## [DESCRIPTION OF THE TASK]
The result should be a faithful copy of every entry below, with the pictures left out.

[Start of section]

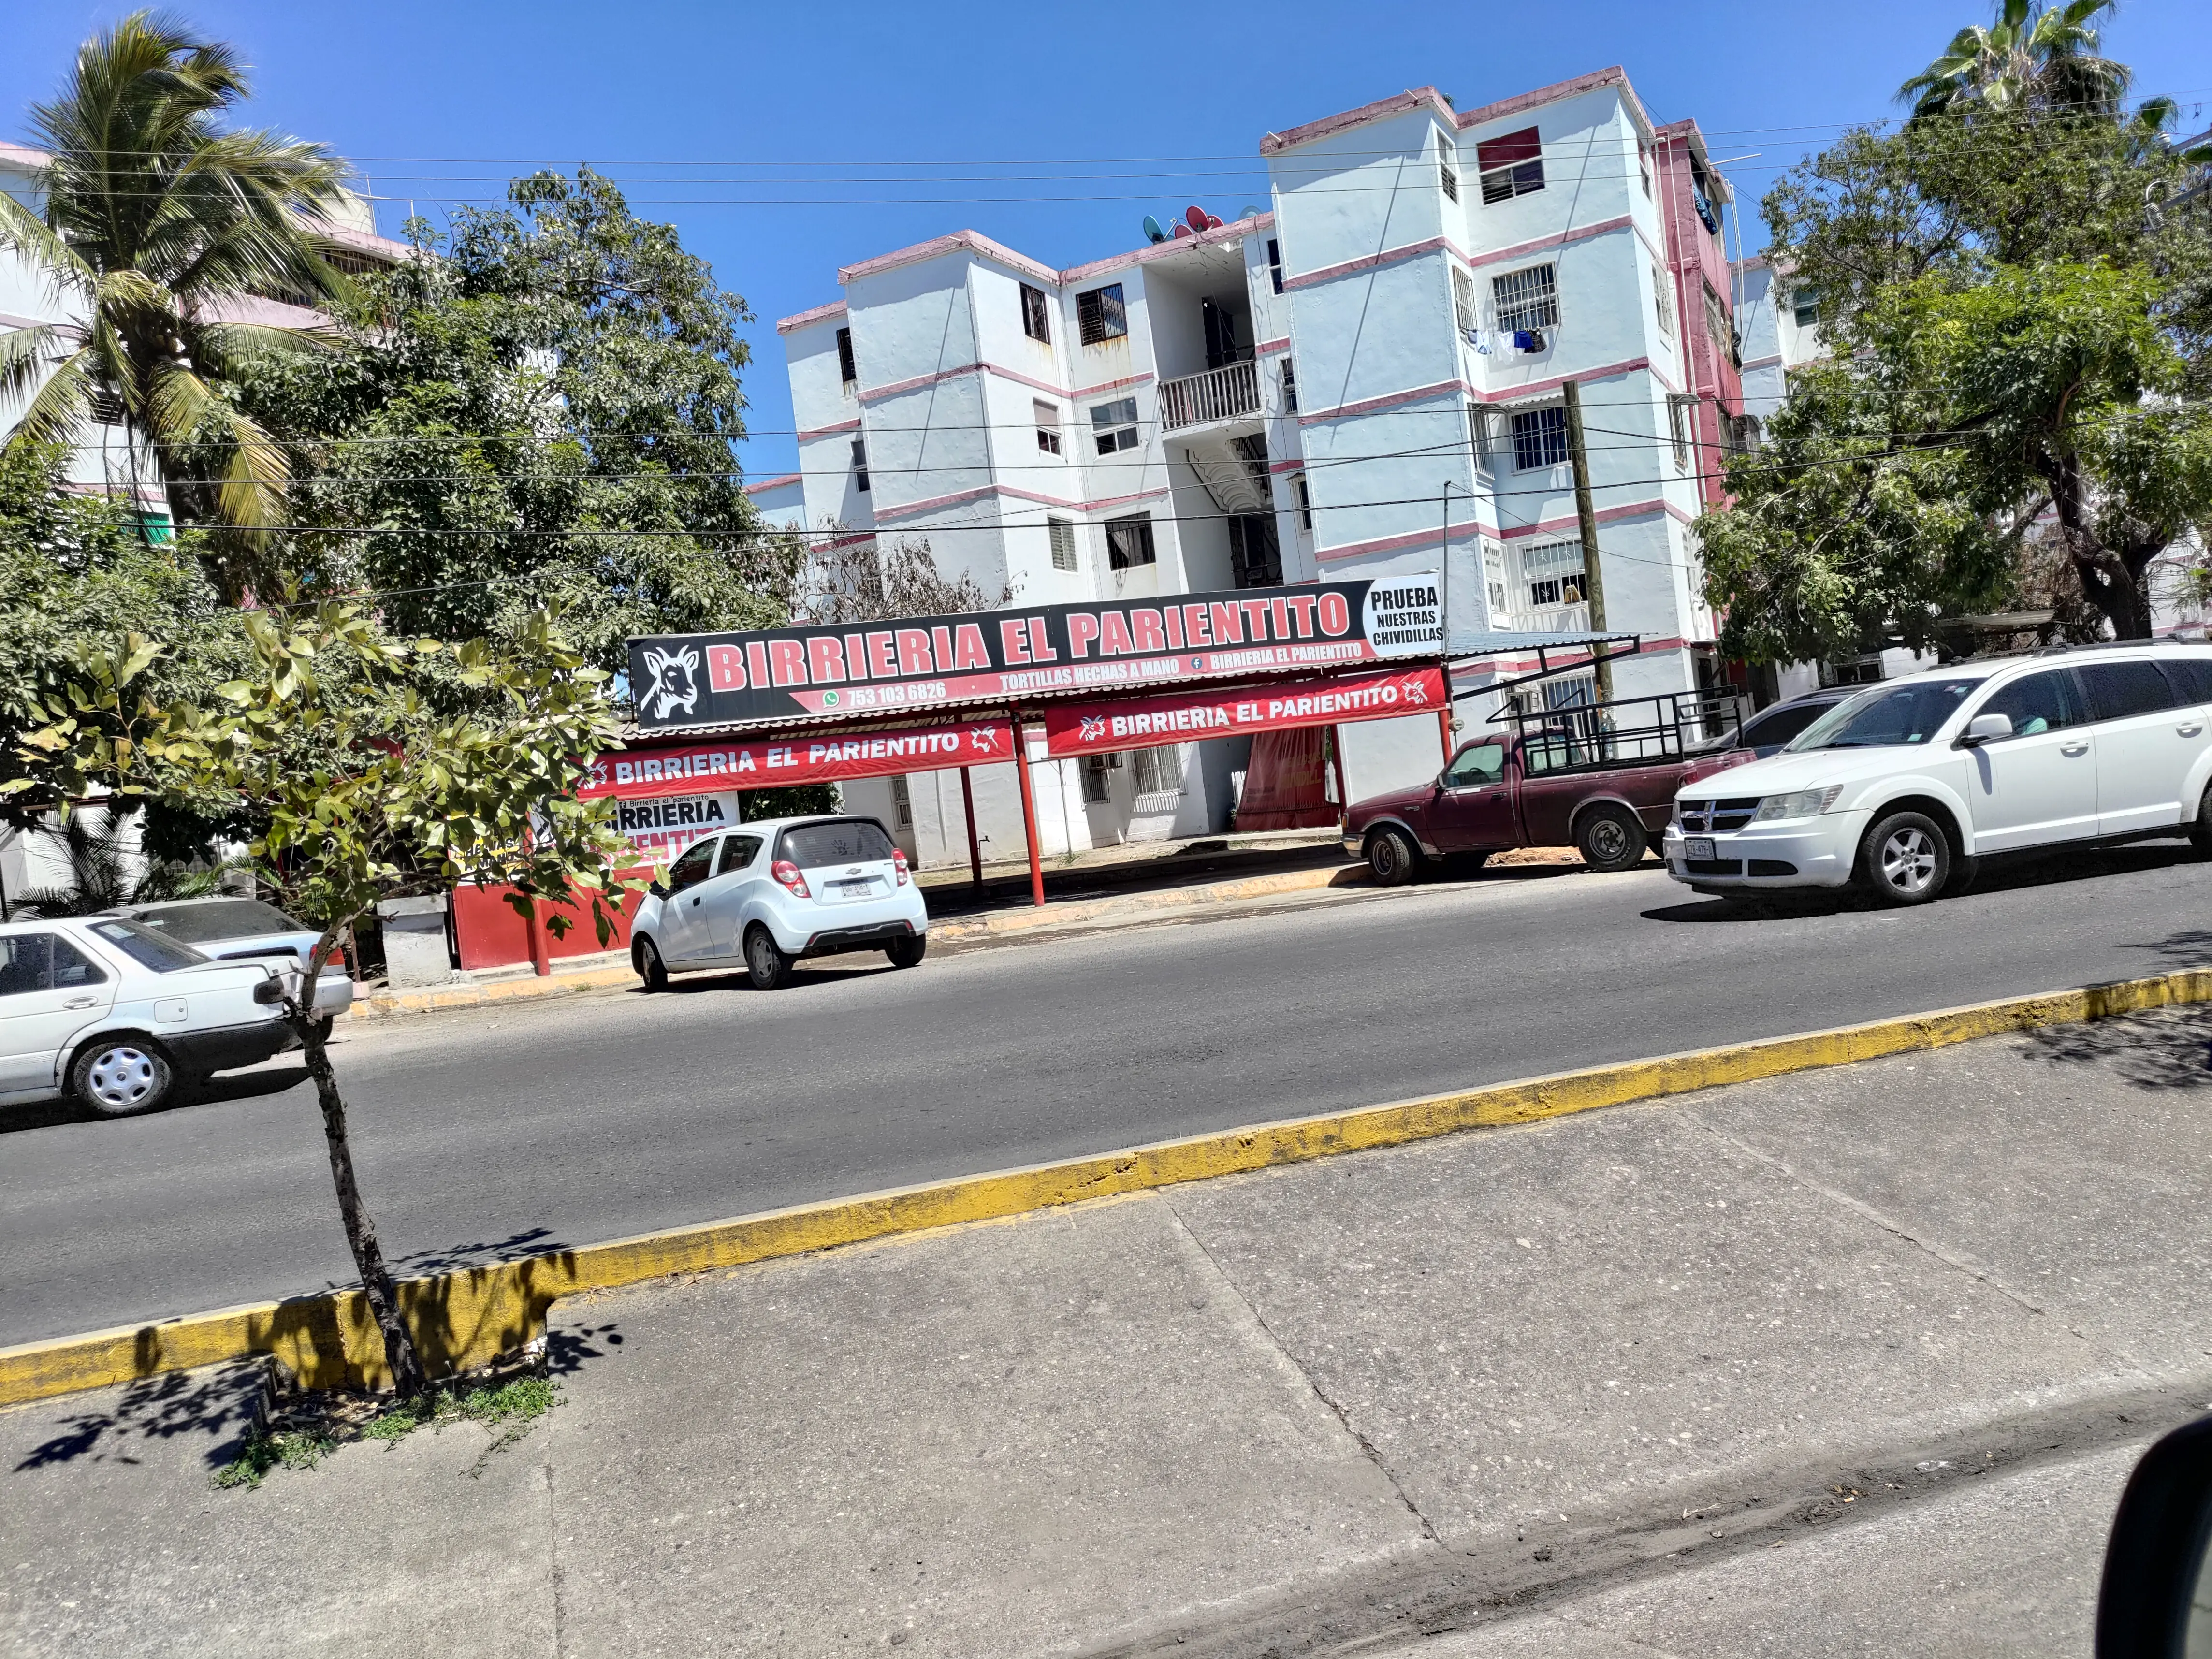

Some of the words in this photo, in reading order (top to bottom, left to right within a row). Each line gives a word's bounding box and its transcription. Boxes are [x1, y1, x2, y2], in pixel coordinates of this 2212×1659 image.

[1371, 587, 1439, 611] PRUEBA
[1377, 611, 1436, 627] NUESTRAS
[706, 623, 991, 693] BIRRIERIA
[1000, 616, 1057, 666] EL
[1066, 592, 1350, 659] PARIENTITO
[1373, 627, 1444, 646] CHIVIDILLAS
[1210, 651, 1275, 669] BIRRIERIA
[1276, 650, 1290, 665] EL
[1292, 642, 1362, 663] PARIENTITO
[1000, 668, 1073, 691] TORTILLAS
[1074, 664, 1128, 684] HECHAS
[1130, 663, 1141, 679] A
[1142, 658, 1180, 678] MANO
[847, 689, 876, 707] 753
[878, 686, 906, 704] 103
[908, 682, 946, 701] 6826
[1111, 707, 1230, 737] BIRRIERIA
[1237, 704, 1264, 723] EL
[1269, 685, 1398, 719] PARIENTITO
[616, 750, 757, 785] BIRRIERIA
[767, 747, 798, 768] EL
[809, 733, 960, 763] PARIENTITO
[673, 794, 709, 804] parientito
[595, 800, 725, 831] IRRIERIA

[End of section]

## [ANSWER TO THE PROBLEM]
Some of the words in this photo, in reading order (top to bottom, left to right within a row). Each line gives a word's bounding box and its transcription. Boxes are [x1, y1, x2, y2], in pixel coordinates of this 2212×1659 image.

[1371, 587, 1439, 611] PRUEBA
[1377, 611, 1436, 627] NUESTRAS
[706, 623, 991, 693] BIRRIERIA
[1000, 616, 1057, 666] EL
[1066, 592, 1350, 659] PARIENTITO
[1373, 627, 1444, 646] CHIVIDILLAS
[1210, 651, 1275, 669] BIRRIERIA
[1276, 650, 1290, 665] EL
[1292, 642, 1362, 663] PARIENTITO
[1000, 668, 1073, 691] TORTILLAS
[1074, 664, 1128, 684] HECHAS
[1130, 663, 1141, 679] A
[1142, 658, 1180, 678] MANO
[847, 689, 876, 707] 753
[878, 686, 906, 704] 103
[908, 682, 946, 701] 6826
[1111, 707, 1230, 737] BIRRIERIA
[1237, 704, 1264, 723] EL
[1269, 685, 1398, 719] PARIENTITO
[616, 750, 757, 785] BIRRIERIA
[767, 747, 798, 768] EL
[809, 733, 960, 763] PARIENTITO
[673, 794, 709, 804] parientito
[595, 800, 725, 831] IRRIERIA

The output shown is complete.